(Saved data entries)
Start of Block
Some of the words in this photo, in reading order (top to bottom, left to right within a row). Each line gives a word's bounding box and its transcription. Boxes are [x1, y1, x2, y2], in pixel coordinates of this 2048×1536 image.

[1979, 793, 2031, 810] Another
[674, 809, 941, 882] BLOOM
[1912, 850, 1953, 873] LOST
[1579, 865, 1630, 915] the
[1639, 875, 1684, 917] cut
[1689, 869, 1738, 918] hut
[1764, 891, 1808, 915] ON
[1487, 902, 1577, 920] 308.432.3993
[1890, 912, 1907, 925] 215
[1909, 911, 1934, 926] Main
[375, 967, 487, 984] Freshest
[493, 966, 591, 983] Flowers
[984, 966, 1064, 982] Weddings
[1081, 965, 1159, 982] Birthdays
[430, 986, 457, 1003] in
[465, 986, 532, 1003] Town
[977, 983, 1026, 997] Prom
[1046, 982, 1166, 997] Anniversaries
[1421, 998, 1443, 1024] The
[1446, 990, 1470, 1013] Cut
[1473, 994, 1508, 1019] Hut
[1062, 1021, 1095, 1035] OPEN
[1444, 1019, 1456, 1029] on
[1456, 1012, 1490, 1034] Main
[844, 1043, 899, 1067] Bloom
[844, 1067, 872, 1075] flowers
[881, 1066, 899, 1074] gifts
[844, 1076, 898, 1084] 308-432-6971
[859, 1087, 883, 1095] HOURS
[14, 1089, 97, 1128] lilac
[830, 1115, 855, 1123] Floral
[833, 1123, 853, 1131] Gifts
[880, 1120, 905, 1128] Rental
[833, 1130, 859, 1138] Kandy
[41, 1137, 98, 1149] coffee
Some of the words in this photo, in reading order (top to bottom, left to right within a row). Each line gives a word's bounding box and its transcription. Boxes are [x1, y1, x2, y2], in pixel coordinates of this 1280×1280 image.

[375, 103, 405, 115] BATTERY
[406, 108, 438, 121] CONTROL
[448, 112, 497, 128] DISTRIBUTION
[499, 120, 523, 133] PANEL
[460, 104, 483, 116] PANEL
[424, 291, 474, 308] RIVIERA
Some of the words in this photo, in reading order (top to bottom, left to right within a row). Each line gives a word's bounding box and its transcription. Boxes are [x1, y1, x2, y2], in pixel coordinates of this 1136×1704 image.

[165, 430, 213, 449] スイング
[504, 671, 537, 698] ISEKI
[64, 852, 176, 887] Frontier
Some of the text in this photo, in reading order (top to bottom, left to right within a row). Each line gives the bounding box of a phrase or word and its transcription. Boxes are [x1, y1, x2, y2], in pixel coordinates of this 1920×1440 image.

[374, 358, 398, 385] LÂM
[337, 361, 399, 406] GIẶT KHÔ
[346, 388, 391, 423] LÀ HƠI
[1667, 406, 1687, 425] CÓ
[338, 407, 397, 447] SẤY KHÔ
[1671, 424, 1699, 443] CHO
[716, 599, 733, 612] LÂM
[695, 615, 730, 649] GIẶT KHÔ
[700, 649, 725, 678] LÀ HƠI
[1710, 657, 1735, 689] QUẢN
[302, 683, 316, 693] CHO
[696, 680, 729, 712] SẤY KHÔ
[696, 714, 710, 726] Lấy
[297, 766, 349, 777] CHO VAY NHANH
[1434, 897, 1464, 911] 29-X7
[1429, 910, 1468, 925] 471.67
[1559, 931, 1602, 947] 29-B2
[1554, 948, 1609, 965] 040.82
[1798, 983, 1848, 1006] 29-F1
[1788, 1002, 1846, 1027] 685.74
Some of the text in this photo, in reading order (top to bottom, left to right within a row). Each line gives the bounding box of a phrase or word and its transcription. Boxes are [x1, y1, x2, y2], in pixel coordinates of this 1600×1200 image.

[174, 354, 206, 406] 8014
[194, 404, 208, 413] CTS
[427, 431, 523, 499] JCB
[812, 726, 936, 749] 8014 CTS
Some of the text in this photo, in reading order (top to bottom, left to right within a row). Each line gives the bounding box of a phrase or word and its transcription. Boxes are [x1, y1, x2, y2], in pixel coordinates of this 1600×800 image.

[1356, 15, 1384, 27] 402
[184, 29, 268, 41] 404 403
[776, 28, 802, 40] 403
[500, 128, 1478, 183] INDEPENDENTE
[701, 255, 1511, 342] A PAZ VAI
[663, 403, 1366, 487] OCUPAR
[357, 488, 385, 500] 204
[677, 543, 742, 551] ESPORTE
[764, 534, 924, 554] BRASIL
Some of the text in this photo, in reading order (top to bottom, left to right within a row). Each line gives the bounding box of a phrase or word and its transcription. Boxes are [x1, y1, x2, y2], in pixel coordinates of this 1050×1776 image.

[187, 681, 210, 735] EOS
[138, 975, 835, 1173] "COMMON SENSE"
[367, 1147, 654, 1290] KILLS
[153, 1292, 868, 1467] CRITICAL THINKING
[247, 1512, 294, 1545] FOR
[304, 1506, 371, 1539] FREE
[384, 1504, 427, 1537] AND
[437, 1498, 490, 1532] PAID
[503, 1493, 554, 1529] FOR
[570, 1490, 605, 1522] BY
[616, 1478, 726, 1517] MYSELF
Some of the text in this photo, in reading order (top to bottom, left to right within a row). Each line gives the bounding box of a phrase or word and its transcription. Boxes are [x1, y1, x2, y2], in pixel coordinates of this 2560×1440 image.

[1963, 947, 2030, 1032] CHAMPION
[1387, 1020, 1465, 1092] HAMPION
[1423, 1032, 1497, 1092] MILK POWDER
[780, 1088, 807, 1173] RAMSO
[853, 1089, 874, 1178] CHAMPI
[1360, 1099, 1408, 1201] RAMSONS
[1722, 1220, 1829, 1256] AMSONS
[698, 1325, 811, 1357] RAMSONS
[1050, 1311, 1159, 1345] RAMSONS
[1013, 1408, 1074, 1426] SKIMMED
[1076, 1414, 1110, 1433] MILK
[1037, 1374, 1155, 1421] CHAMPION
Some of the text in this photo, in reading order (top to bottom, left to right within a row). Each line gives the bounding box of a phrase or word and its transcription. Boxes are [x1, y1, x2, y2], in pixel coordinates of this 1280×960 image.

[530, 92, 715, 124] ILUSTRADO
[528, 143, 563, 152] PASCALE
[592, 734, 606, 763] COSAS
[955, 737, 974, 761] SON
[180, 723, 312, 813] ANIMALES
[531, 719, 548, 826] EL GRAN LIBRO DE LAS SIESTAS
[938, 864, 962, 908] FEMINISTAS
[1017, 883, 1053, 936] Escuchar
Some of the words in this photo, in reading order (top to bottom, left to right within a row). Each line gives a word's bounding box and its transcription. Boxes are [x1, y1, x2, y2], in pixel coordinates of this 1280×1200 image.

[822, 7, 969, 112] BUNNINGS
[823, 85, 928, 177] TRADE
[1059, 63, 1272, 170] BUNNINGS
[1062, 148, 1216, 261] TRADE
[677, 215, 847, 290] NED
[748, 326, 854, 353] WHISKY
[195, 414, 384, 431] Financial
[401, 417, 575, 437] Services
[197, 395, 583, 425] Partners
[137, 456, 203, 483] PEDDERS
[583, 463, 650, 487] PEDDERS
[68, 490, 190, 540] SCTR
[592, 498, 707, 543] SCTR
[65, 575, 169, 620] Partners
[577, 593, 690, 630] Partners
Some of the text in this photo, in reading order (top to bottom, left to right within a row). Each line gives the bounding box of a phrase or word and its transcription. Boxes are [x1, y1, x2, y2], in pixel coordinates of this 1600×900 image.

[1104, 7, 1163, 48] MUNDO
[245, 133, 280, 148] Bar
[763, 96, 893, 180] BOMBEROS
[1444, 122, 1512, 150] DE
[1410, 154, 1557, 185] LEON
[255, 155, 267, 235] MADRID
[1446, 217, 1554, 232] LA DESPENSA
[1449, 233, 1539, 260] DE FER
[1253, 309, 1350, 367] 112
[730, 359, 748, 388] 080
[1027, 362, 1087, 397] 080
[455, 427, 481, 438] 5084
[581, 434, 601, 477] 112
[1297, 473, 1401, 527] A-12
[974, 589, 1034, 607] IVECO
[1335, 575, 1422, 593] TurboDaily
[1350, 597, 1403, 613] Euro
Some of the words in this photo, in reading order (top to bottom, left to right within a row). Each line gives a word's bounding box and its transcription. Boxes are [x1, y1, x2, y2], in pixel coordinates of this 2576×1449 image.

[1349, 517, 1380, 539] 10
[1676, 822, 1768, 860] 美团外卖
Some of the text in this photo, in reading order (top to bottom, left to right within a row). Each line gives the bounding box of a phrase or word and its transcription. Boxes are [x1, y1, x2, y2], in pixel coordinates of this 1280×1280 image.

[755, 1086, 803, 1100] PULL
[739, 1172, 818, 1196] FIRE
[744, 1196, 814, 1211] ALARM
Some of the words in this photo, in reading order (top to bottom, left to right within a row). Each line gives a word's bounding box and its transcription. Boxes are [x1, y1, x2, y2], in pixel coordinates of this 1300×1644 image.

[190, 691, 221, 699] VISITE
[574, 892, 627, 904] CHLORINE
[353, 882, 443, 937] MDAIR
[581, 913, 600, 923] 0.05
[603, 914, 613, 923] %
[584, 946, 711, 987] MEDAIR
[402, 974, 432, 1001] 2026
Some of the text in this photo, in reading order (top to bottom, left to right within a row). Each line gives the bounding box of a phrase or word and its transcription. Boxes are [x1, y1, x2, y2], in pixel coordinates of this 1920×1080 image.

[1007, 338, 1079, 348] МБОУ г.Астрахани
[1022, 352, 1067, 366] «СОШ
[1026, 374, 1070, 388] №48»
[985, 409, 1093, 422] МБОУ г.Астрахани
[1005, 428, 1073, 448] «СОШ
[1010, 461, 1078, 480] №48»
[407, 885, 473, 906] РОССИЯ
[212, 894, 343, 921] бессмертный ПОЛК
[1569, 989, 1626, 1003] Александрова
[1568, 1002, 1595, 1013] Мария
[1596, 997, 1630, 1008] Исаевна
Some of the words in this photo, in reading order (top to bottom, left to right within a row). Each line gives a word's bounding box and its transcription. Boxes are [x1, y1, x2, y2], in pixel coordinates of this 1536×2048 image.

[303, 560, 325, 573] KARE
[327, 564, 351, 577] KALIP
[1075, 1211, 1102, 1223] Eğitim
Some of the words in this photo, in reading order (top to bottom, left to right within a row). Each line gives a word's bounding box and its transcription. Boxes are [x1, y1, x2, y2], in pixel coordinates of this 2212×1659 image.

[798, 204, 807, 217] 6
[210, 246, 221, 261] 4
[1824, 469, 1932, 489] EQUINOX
End of Block
EXERCISE GOAL ::
With the line containing "this 1536×2048 image." as the first and the last line of the data as the final one, copy every line between them exactly, those two included.

YOUR SOLUTION ::
Some of the words in this photo, in reading order (top to bottom, left to right within a row). Each line gives a word's bounding box and its transcription. Boxes are [x1, y1, x2, y2], in pixel coordinates of this 1536×2048 image.

[303, 560, 325, 573] KARE
[327, 564, 351, 577] KALIP
[1075, 1211, 1102, 1223] Eğitim
Some of the words in this photo, in reading order (top to bottom, left to right within a row). Each line gives a word's bounding box and its transcription. Boxes are [x1, y1, x2, y2], in pixel coordinates of this 2212×1659 image.

[798, 204, 807, 217] 6
[210, 246, 221, 261] 4
[1824, 469, 1932, 489] EQUINOX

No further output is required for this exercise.